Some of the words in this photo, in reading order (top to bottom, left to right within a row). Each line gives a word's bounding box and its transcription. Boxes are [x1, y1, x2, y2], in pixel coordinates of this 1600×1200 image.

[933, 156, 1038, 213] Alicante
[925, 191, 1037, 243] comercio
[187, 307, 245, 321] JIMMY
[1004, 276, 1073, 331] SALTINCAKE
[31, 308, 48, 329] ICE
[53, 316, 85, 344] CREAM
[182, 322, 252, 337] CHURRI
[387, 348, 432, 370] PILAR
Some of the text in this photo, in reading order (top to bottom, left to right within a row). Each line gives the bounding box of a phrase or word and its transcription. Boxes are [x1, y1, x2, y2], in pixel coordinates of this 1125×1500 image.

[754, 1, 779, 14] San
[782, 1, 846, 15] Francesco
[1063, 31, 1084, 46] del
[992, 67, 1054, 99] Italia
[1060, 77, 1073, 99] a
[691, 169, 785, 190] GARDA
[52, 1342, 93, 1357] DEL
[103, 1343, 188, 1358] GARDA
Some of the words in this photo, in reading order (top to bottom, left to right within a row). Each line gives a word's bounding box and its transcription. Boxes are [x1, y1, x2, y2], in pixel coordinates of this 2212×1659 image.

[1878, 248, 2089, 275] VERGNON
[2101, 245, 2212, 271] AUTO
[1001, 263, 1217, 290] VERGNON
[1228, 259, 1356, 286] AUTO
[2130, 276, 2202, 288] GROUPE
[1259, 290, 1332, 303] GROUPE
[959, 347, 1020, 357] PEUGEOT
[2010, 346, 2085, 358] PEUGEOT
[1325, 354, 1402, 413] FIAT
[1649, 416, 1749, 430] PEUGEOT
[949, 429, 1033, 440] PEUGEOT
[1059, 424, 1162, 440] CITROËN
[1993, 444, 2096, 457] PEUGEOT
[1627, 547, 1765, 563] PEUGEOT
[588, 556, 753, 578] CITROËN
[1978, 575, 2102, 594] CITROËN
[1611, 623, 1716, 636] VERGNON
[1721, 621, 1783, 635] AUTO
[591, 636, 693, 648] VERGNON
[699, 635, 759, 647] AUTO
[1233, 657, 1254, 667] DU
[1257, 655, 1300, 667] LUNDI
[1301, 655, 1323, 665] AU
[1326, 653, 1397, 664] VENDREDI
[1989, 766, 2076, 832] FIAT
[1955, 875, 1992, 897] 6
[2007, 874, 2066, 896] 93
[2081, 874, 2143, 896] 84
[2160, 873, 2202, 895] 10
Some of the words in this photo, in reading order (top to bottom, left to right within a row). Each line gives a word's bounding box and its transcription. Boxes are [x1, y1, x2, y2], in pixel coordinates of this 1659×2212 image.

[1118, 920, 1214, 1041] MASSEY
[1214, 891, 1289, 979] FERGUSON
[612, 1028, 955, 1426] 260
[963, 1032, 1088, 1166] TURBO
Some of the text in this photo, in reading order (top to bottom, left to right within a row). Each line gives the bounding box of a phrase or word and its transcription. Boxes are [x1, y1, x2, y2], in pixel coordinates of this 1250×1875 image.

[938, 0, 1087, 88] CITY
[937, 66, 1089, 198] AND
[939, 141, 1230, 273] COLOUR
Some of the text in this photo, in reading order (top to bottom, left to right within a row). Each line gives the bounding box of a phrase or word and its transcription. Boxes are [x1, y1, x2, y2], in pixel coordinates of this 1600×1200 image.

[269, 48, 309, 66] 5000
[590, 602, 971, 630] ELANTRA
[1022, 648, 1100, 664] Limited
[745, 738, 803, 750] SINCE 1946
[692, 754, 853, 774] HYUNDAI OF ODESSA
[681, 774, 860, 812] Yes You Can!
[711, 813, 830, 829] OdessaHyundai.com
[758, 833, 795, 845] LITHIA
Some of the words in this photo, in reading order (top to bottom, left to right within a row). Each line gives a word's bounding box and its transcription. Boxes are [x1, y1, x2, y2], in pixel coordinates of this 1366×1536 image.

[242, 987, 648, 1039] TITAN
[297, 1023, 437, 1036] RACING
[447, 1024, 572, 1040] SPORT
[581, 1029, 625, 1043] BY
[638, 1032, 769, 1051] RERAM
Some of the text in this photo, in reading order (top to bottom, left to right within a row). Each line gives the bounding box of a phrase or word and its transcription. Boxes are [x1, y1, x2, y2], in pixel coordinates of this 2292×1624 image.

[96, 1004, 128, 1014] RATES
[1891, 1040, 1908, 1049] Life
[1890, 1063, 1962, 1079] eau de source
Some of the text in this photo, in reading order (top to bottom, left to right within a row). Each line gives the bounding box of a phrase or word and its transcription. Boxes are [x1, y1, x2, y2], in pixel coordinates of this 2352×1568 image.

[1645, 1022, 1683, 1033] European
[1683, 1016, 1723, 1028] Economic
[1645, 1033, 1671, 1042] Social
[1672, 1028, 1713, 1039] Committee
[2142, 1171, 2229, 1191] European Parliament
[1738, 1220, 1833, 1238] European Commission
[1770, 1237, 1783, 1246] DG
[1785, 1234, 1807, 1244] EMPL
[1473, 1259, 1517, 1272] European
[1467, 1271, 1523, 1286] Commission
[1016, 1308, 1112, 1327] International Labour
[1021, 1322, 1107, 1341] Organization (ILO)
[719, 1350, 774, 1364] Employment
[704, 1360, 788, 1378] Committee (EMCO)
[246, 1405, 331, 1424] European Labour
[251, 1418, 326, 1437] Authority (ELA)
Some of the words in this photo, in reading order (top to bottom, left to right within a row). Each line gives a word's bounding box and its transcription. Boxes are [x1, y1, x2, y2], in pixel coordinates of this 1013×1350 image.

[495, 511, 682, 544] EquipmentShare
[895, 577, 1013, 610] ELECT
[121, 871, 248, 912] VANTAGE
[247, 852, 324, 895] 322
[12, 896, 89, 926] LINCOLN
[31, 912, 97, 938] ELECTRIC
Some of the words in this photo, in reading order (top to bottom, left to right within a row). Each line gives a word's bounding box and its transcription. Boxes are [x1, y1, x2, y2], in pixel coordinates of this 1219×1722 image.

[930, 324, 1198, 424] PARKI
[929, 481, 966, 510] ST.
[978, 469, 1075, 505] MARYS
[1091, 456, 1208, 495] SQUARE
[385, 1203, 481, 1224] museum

::::::

Directions for this task:
Give every record again, exactly as it reads.

Solution below:
Some of the words in this photo, in reading order (top to bottom, left to right within a row). Each line gives a word's bounding box and its transcription. Boxes are [x1, y1, x2, y2], in pixel coordinates of this 1600×1200 image.

[933, 156, 1038, 213] Alicante
[925, 191, 1037, 243] comercio
[187, 307, 245, 321] JIMMY
[1004, 276, 1073, 331] SALTINCAKE
[31, 308, 48, 329] ICE
[53, 316, 85, 344] CREAM
[182, 322, 252, 337] CHURRI
[387, 348, 432, 370] PILAR
Some of the text in this photo, in reading order (top to bottom, left to right within a row). Each line gives the bounding box of a phrase or word and its transcription. Boxes are [x1, y1, x2, y2], in pixel coordinates of this 1125×1500 image.

[754, 1, 779, 14] San
[782, 1, 846, 15] Francesco
[1063, 31, 1084, 46] del
[992, 67, 1054, 99] Italia
[1060, 77, 1073, 99] a
[691, 169, 785, 190] GARDA
[52, 1342, 93, 1357] DEL
[103, 1343, 188, 1358] GARDA
Some of the words in this photo, in reading order (top to bottom, left to right within a row). Each line gives a word's bounding box and its transcription. Boxes are [x1, y1, x2, y2], in pixel coordinates of this 2212×1659 image.

[1878, 248, 2089, 275] VERGNON
[2101, 245, 2212, 271] AUTO
[1001, 263, 1217, 290] VERGNON
[1228, 259, 1356, 286] AUTO
[2130, 276, 2202, 288] GROUPE
[1259, 290, 1332, 303] GROUPE
[959, 347, 1020, 357] PEUGEOT
[2010, 346, 2085, 358] PEUGEOT
[1325, 354, 1402, 413] FIAT
[1649, 416, 1749, 430] PEUGEOT
[949, 429, 1033, 440] PEUGEOT
[1059, 424, 1162, 440] CITROËN
[1993, 444, 2096, 457] PEUGEOT
[1627, 547, 1765, 563] PEUGEOT
[588, 556, 753, 578] CITROËN
[1978, 575, 2102, 594] CITROËN
[1611, 623, 1716, 636] VERGNON
[1721, 621, 1783, 635] AUTO
[591, 636, 693, 648] VERGNON
[699, 635, 759, 647] AUTO
[1233, 657, 1254, 667] DU
[1257, 655, 1300, 667] LUNDI
[1301, 655, 1323, 665] AU
[1326, 653, 1397, 664] VENDREDI
[1989, 766, 2076, 832] FIAT
[1955, 875, 1992, 897] 6
[2007, 874, 2066, 896] 93
[2081, 874, 2143, 896] 84
[2160, 873, 2202, 895] 10
Some of the words in this photo, in reading order (top to bottom, left to right within a row). Each line gives a word's bounding box and its transcription. Boxes are [x1, y1, x2, y2], in pixel coordinates of this 1659×2212 image.

[1118, 920, 1214, 1041] MASSEY
[1214, 891, 1289, 979] FERGUSON
[612, 1028, 955, 1426] 260
[963, 1032, 1088, 1166] TURBO
Some of the text in this photo, in reading order (top to bottom, left to right within a row). Each line gives the bounding box of a phrase or word and its transcription. Boxes are [x1, y1, x2, y2], in pixel coordinates of this 1250×1875 image.

[938, 0, 1087, 88] CITY
[937, 66, 1089, 198] AND
[939, 141, 1230, 273] COLOUR
Some of the text in this photo, in reading order (top to bottom, left to right within a row). Each line gives the bounding box of a phrase or word and its transcription. Boxes are [x1, y1, x2, y2], in pixel coordinates of this 1600×1200 image.

[269, 48, 309, 66] 5000
[590, 602, 971, 630] ELANTRA
[1022, 648, 1100, 664] Limited
[745, 738, 803, 750] SINCE 1946
[692, 754, 853, 774] HYUNDAI OF ODESSA
[681, 774, 860, 812] Yes You Can!
[711, 813, 830, 829] OdessaHyundai.com
[758, 833, 795, 845] LITHIA
Some of the words in this photo, in reading order (top to bottom, left to right within a row). Each line gives a word's bounding box and its transcription. Boxes are [x1, y1, x2, y2], in pixel coordinates of this 1366×1536 image.

[242, 987, 648, 1039] TITAN
[297, 1023, 437, 1036] RACING
[447, 1024, 572, 1040] SPORT
[581, 1029, 625, 1043] BY
[638, 1032, 769, 1051] RERAM
Some of the text in this photo, in reading order (top to bottom, left to right within a row). Each line gives the bounding box of a phrase or word and its transcription. Boxes are [x1, y1, x2, y2], in pixel coordinates of this 2292×1624 image.

[96, 1004, 128, 1014] RATES
[1891, 1040, 1908, 1049] Life
[1890, 1063, 1962, 1079] eau de source
Some of the text in this photo, in reading order (top to bottom, left to right within a row). Each line gives the bounding box of a phrase or word and its transcription. Boxes are [x1, y1, x2, y2], in pixel coordinates of this 2352×1568 image.

[1645, 1022, 1683, 1033] European
[1683, 1016, 1723, 1028] Economic
[1645, 1033, 1671, 1042] Social
[1672, 1028, 1713, 1039] Committee
[2142, 1171, 2229, 1191] European Parliament
[1738, 1220, 1833, 1238] European Commission
[1770, 1237, 1783, 1246] DG
[1785, 1234, 1807, 1244] EMPL
[1473, 1259, 1517, 1272] European
[1467, 1271, 1523, 1286] Commission
[1016, 1308, 1112, 1327] International Labour
[1021, 1322, 1107, 1341] Organization (ILO)
[719, 1350, 774, 1364] Employment
[704, 1360, 788, 1378] Committee (EMCO)
[246, 1405, 331, 1424] European Labour
[251, 1418, 326, 1437] Authority (ELA)
Some of the words in this photo, in reading order (top to bottom, left to right within a row). Each line gives a word's bounding box and its transcription. Boxes are [x1, y1, x2, y2], in pixel coordinates of this 1013×1350 image.

[495, 511, 682, 544] EquipmentShare
[895, 577, 1013, 610] ELECT
[121, 871, 248, 912] VANTAGE
[247, 852, 324, 895] 322
[12, 896, 89, 926] LINCOLN
[31, 912, 97, 938] ELECTRIC
Some of the words in this photo, in reading order (top to bottom, left to right within a row). Each line gives a word's bounding box and its transcription. Boxes are [x1, y1, x2, y2], in pixel coordinates of this 1219×1722 image.

[930, 324, 1198, 424] PARKI
[929, 481, 966, 510] ST.
[978, 469, 1075, 505] MARYS
[1091, 456, 1208, 495] SQUARE
[385, 1203, 481, 1224] museum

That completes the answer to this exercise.